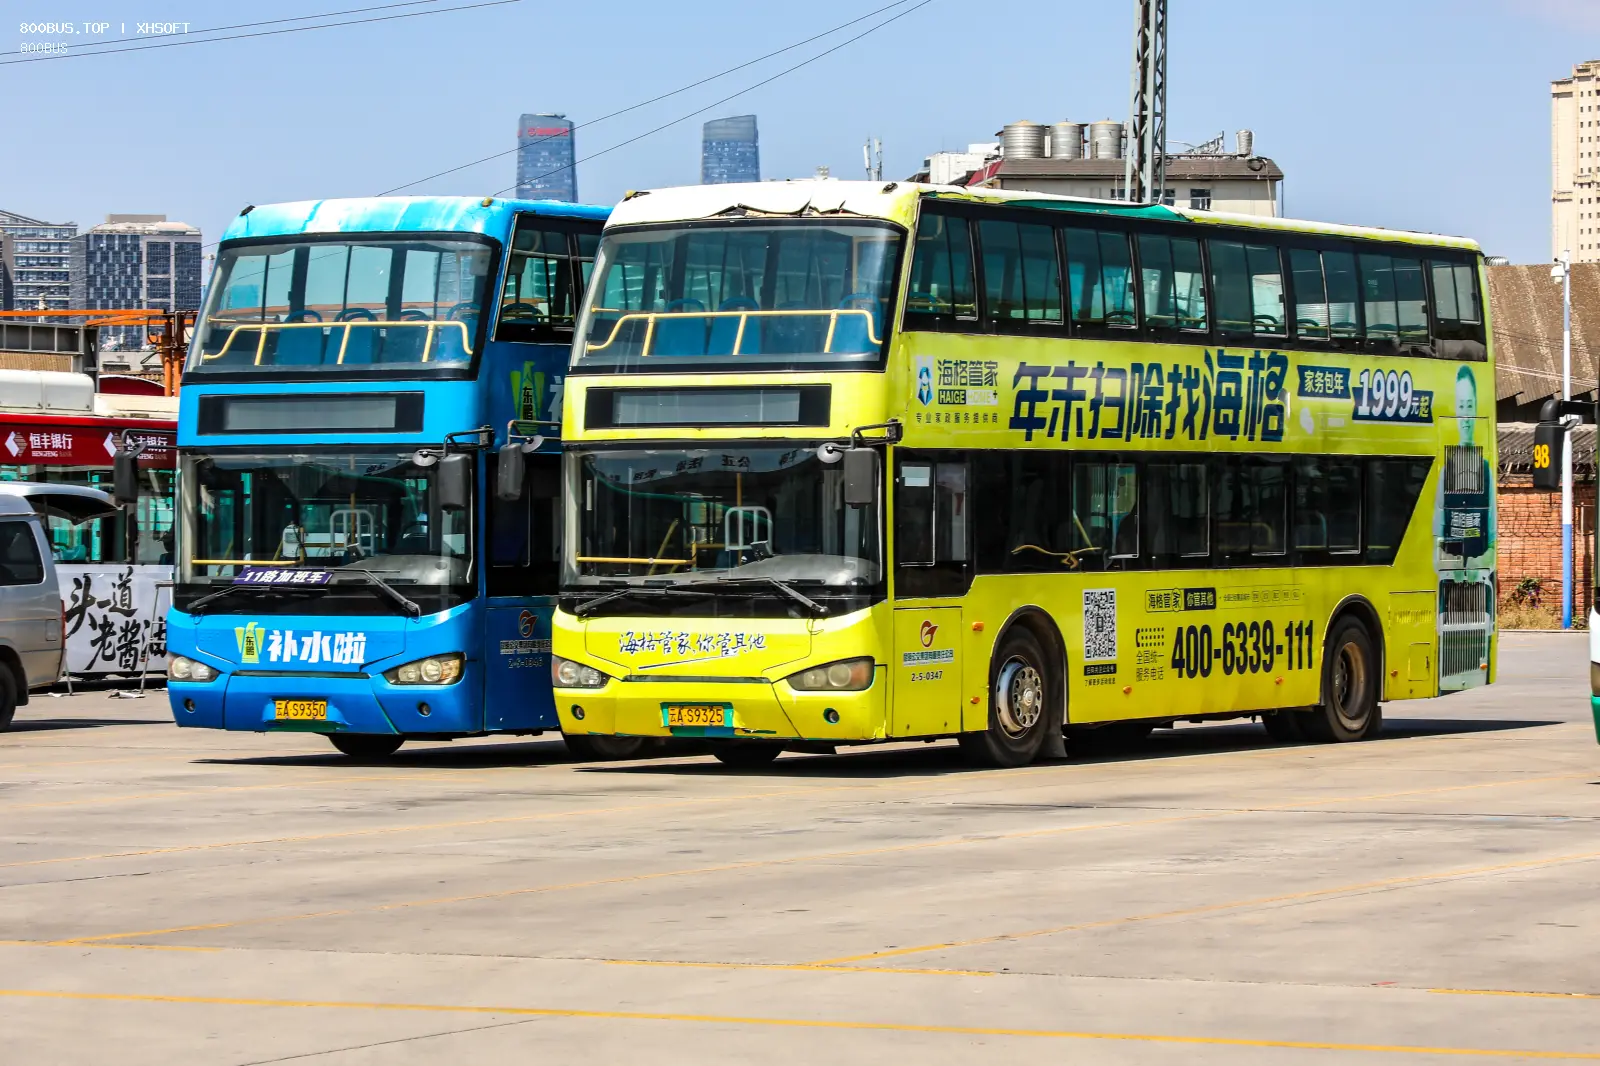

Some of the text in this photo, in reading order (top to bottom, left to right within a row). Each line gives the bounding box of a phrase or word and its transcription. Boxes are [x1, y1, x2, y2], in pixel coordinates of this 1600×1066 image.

[937, 359, 998, 387] 海格管家
[1303, 370, 1344, 395] 家务包年
[939, 390, 966, 404] HAIGE
[1009, 348, 1289, 443] 年末扫除找海格
[29, 432, 73, 450] 恒丰银行
[1534, 444, 1550, 469] 98
[243, 570, 326, 584] 11路加班车
[267, 629, 367, 665] 补水啦
[1136, 650, 1165, 665] 全国统一
[1171, 619, 1314, 679] 400-6339-111
[911, 670, 943, 682] 2-5-0347
[1136, 666, 1165, 682] 服务电话

> How to complete this task: A word-for-word copy of the listing is the goal; keep every picture out of it.

> Written solution:
Some of the text in this photo, in reading order (top to bottom, left to right within a row). Each line gives the bounding box of a phrase or word and its transcription. Boxes are [x1, y1, x2, y2], in pixel coordinates of this 1600×1066 image.

[937, 359, 998, 387] 海格管家
[1303, 370, 1344, 395] 家务包年
[939, 390, 966, 404] HAIGE
[1009, 348, 1289, 443] 年末扫除找海格
[29, 432, 73, 450] 恒丰银行
[1534, 444, 1550, 469] 98
[243, 570, 326, 584] 11路加班车
[267, 629, 367, 665] 补水啦
[1136, 650, 1165, 665] 全国统一
[1171, 619, 1314, 679] 400-6339-111
[911, 670, 943, 682] 2-5-0347
[1136, 666, 1165, 682] 服务电话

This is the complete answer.